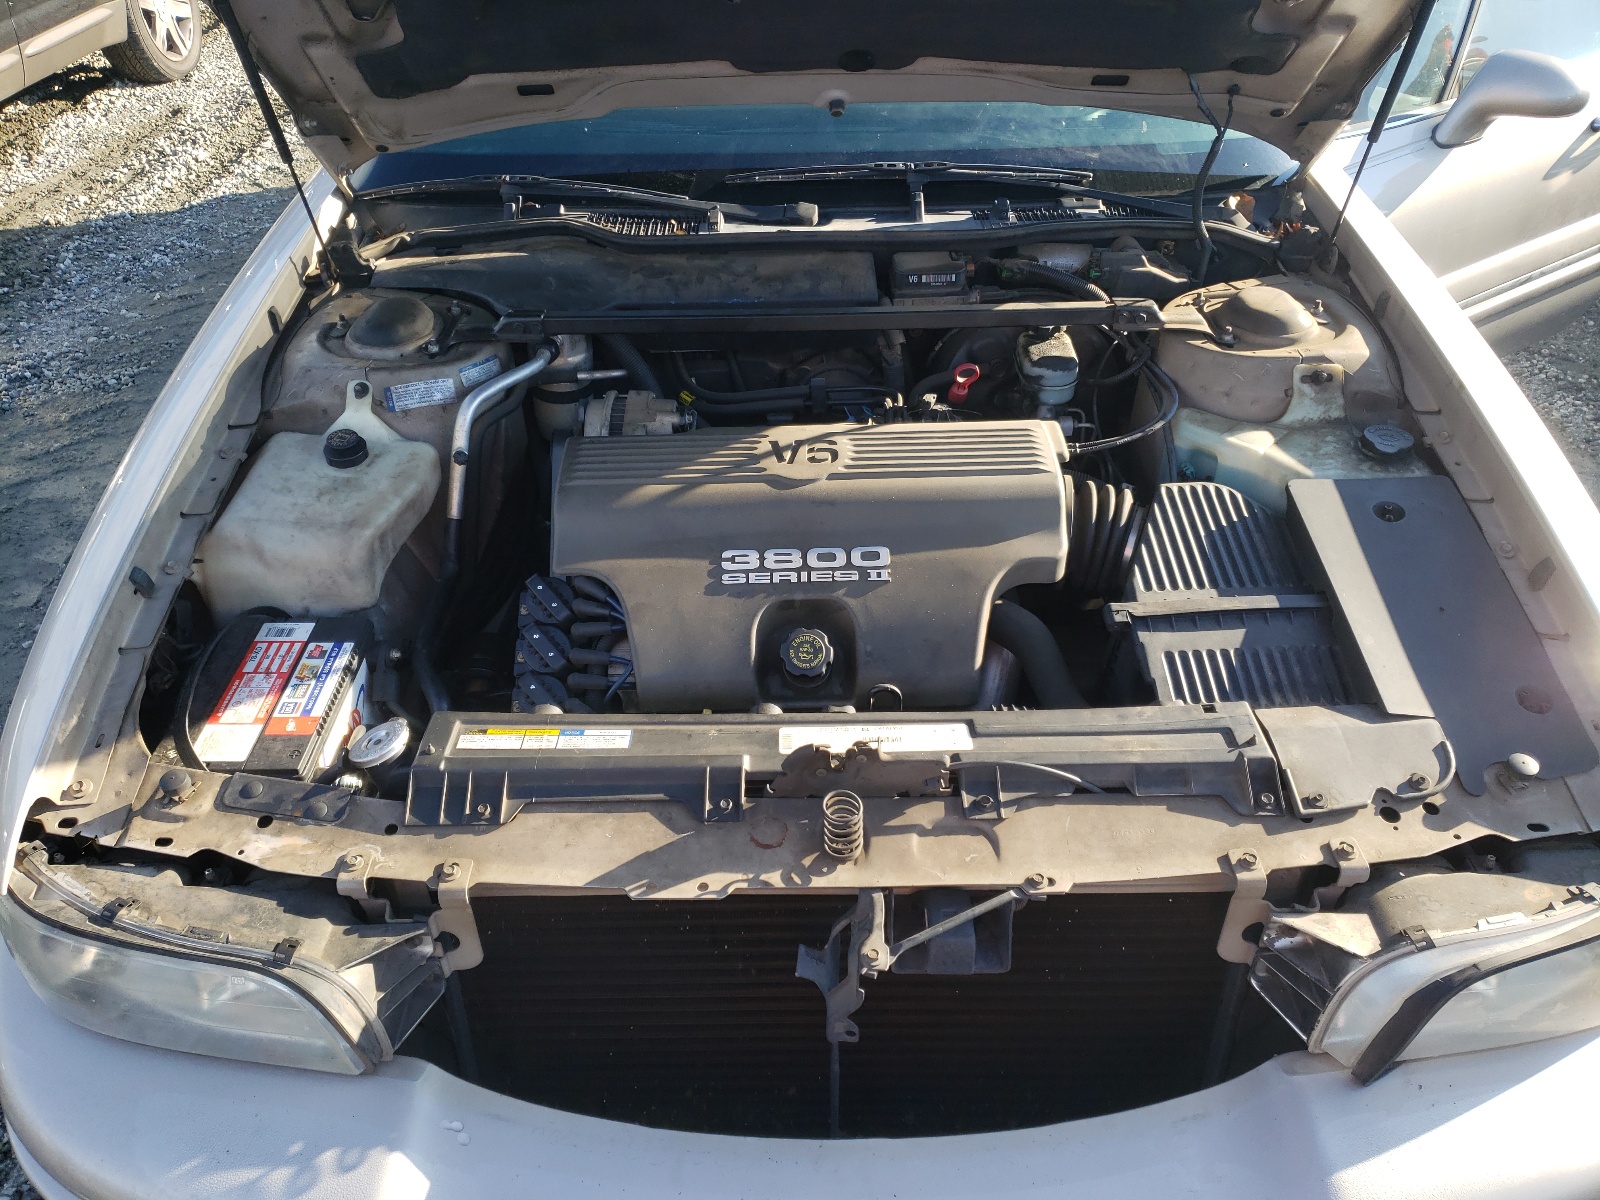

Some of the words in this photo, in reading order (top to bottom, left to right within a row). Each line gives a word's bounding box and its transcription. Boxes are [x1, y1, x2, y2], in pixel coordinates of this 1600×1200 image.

[908, 275, 918, 283] V6
[768, 439, 839, 465] V6
[721, 546, 891, 571] 3800
[721, 570, 859, 584] SERIES
[867, 569, 892, 583] II
[792, 635, 814, 647] ENGINE
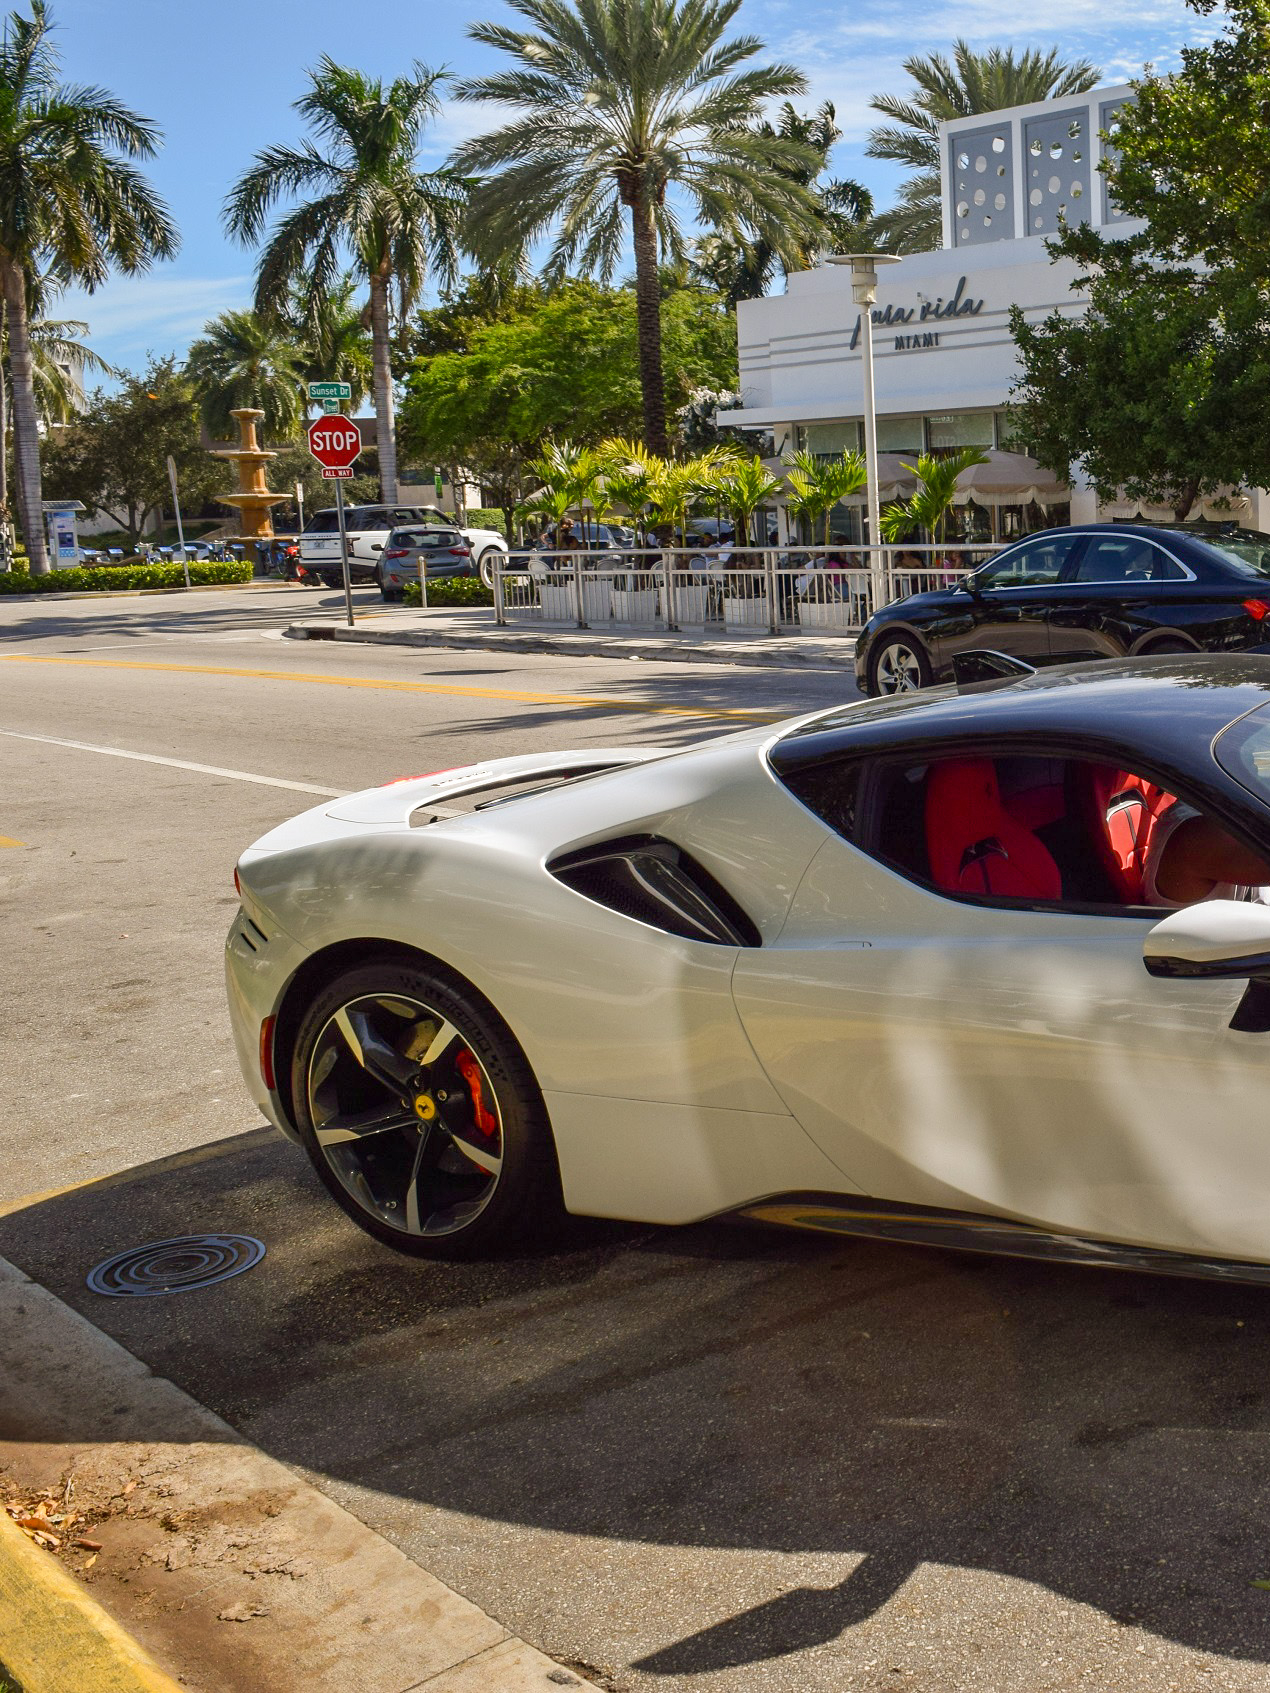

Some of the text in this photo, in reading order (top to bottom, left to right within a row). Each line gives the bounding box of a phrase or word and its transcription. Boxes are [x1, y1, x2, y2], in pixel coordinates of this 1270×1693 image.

[919, 276, 983, 321] vida
[895, 332, 940, 350] MIAMI
[311, 386, 348, 395] Sunset Dr
[312, 431, 357, 451] STOP
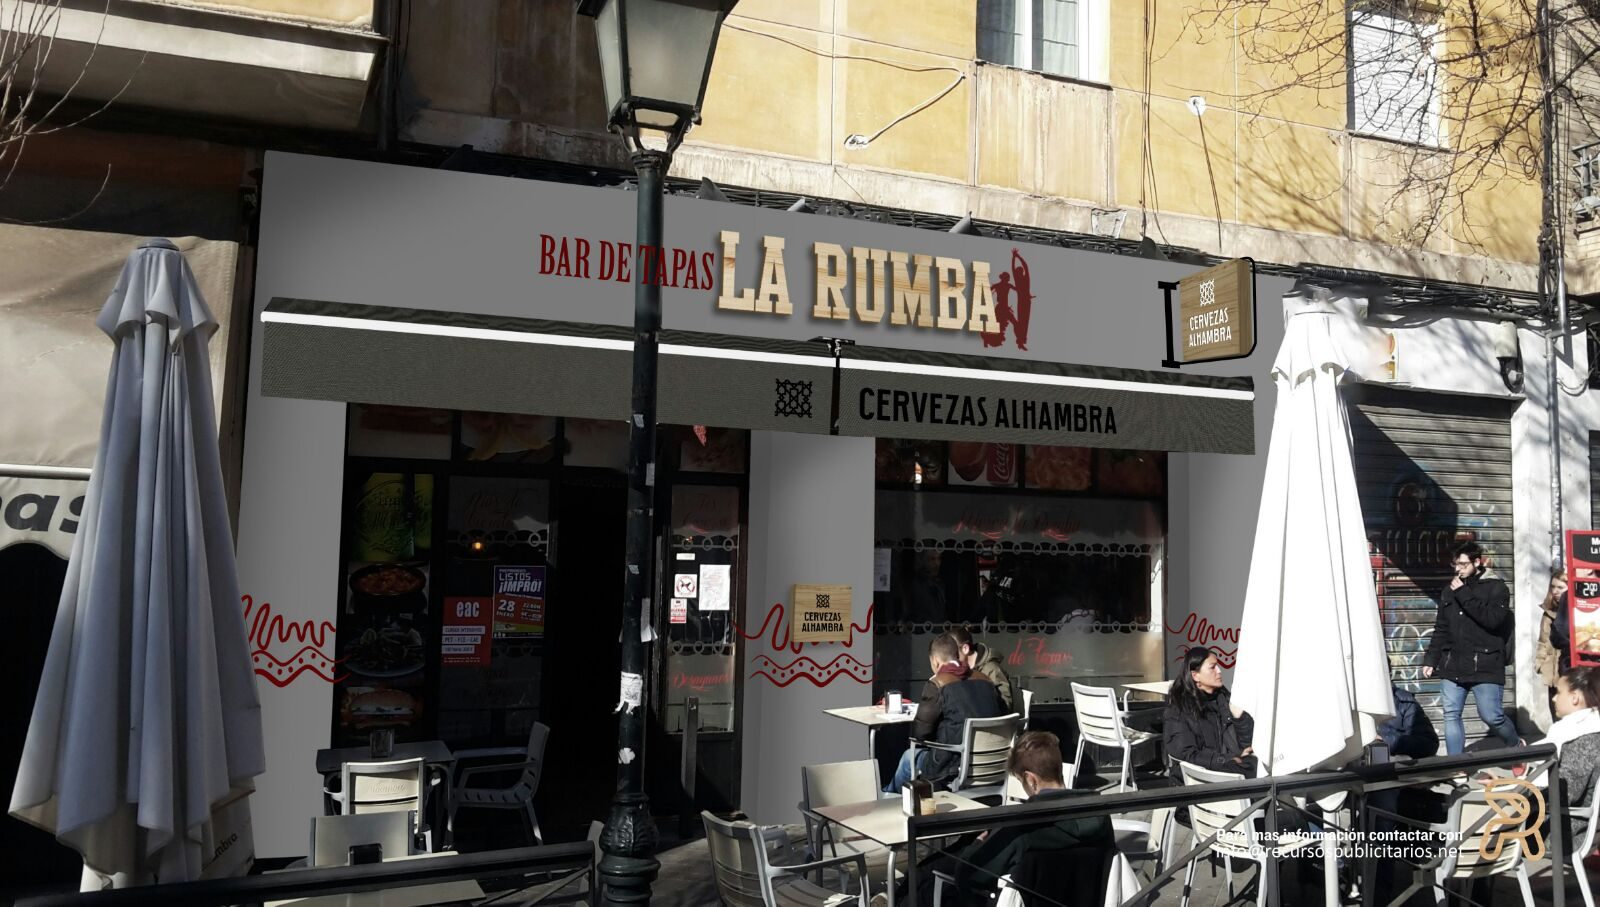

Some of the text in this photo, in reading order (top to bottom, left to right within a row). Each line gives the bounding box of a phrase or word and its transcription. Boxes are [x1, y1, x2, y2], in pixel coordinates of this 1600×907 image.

[539, 234, 715, 291] BAR DE TAPAS
[719, 230, 1000, 334] LA RUMBA
[1189, 307, 1229, 331] CERVEZAS
[1188, 325, 1232, 347] ALHAMBRA
[859, 387, 1117, 434] CERVEZAS ALHAMBRA
[498, 580, 543, 594] ¡IMPRO!
[456, 601, 480, 618] eac
[497, 599, 516, 612] 28
[804, 611, 841, 622] CERVEZAS
[801, 622, 844, 632] ALHAMBRA
[213, 832, 238, 857] mbra
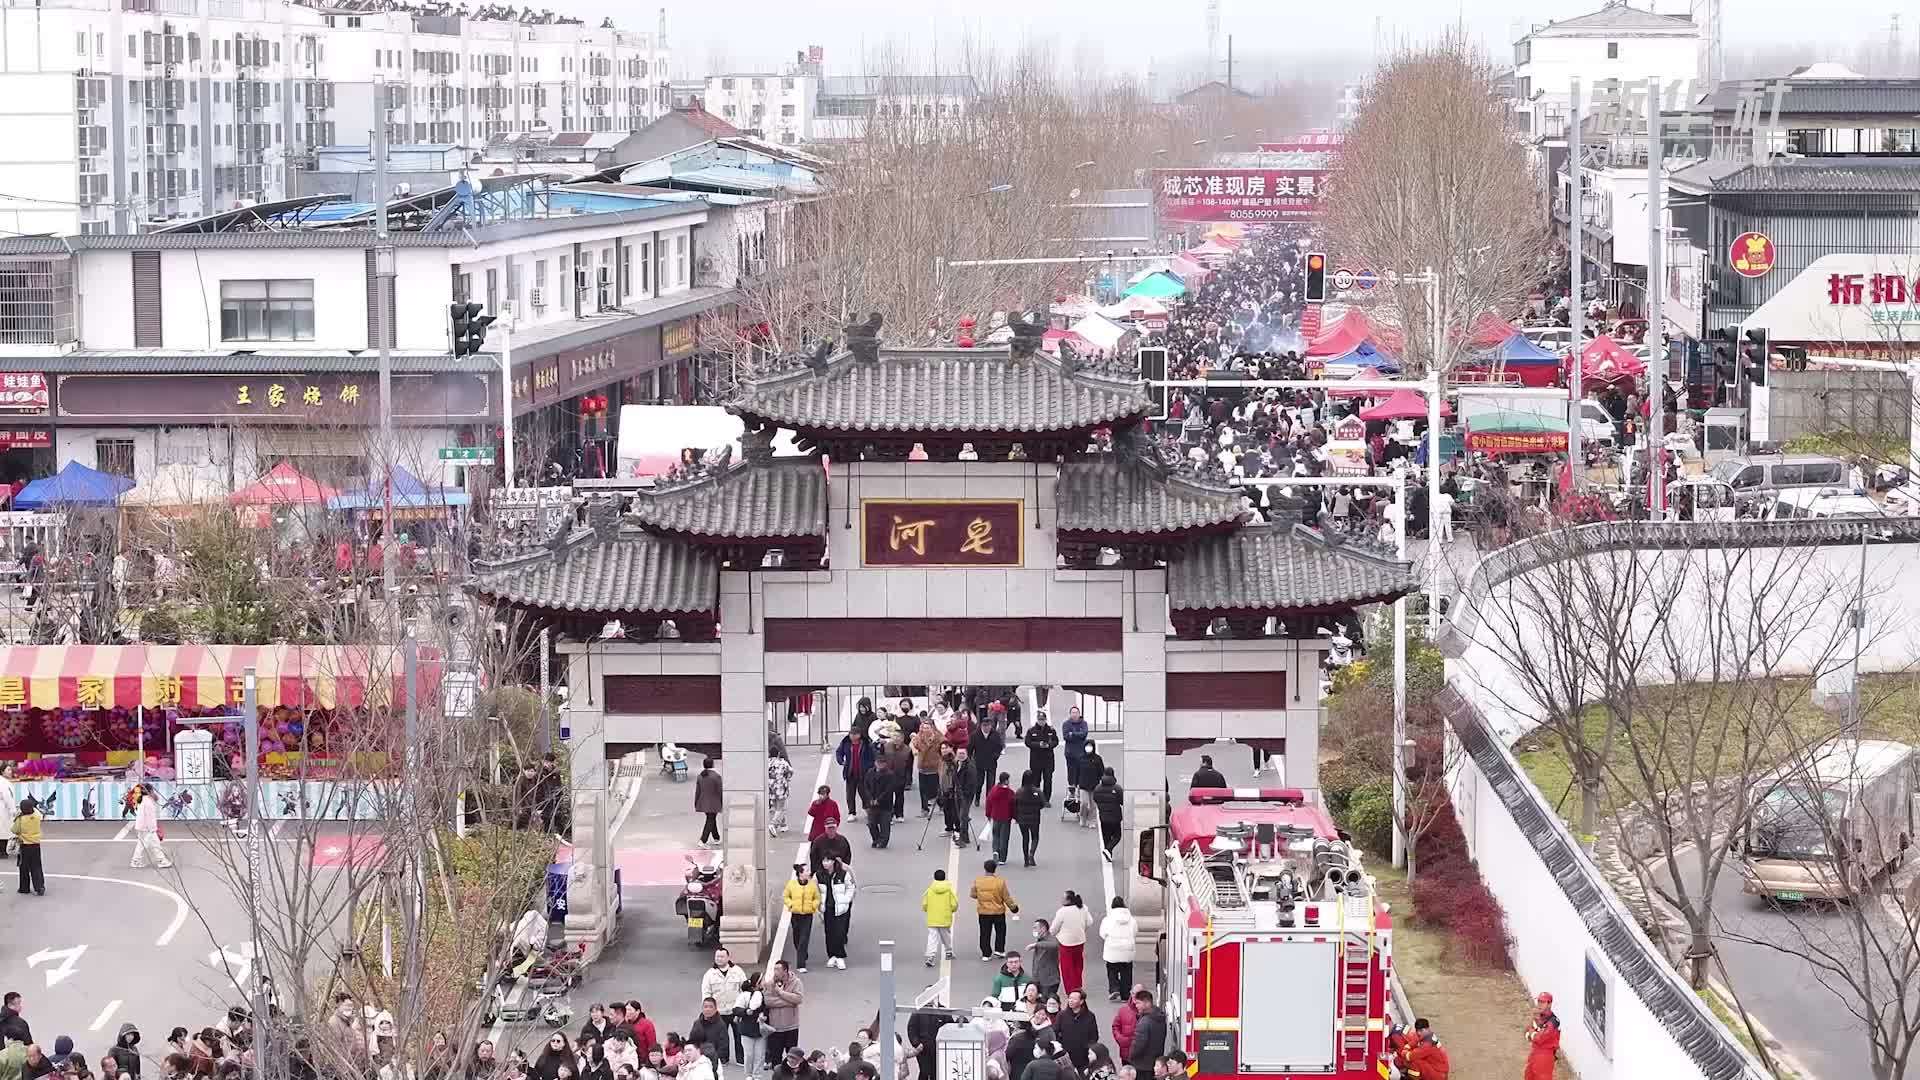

-=-=-=-=-

_The task_
If the data includes images, omit them, and set down everything else exactly as above.

_Task solution_
Some of the words in this photo, in reading order (top to bottom, left to right within a row). Each line gives a word's bounding box and its transcription. Boxes are [x1, y1, x2, y2], in pixel coordinates of this 1600×1200 image.

[908, 275, 918, 283] V6
[768, 439, 839, 465] V6
[721, 546, 891, 571] 3800
[721, 570, 859, 584] SERIES
[867, 569, 892, 583] II
[792, 635, 814, 647] ENGINE

Some of the text in this photo, in reading order (top to bottom, left to right within a row). Each line gives the bounding box of a phrase or word and its transcription. Boxes are [x1, y1, x2, y2], in pixel coordinates of this 1270×1693 image.

[919, 276, 983, 321] vida
[895, 332, 940, 350] MIAMI
[311, 386, 348, 395] Sunset Dr
[312, 431, 357, 451] STOP

Some of the text in this photo, in reading order (top to bottom, left to right within a row). Each line gives the bounding box of a phrase or word and its transcription. Boxes are [x1, y1, x2, y2], in pixel coordinates of this 1600×907 image.

[539, 234, 715, 291] BAR DE TAPAS
[719, 230, 1000, 334] LA RUMBA
[1189, 307, 1229, 331] CERVEZAS
[1188, 325, 1232, 347] ALHAMBRA
[859, 387, 1117, 434] CERVEZAS ALHAMBRA
[498, 580, 543, 594] ¡IMPRO!
[456, 601, 480, 618] eac
[497, 599, 516, 612] 28
[804, 611, 841, 622] CERVEZAS
[801, 622, 844, 632] ALHAMBRA
[213, 832, 238, 857] mbra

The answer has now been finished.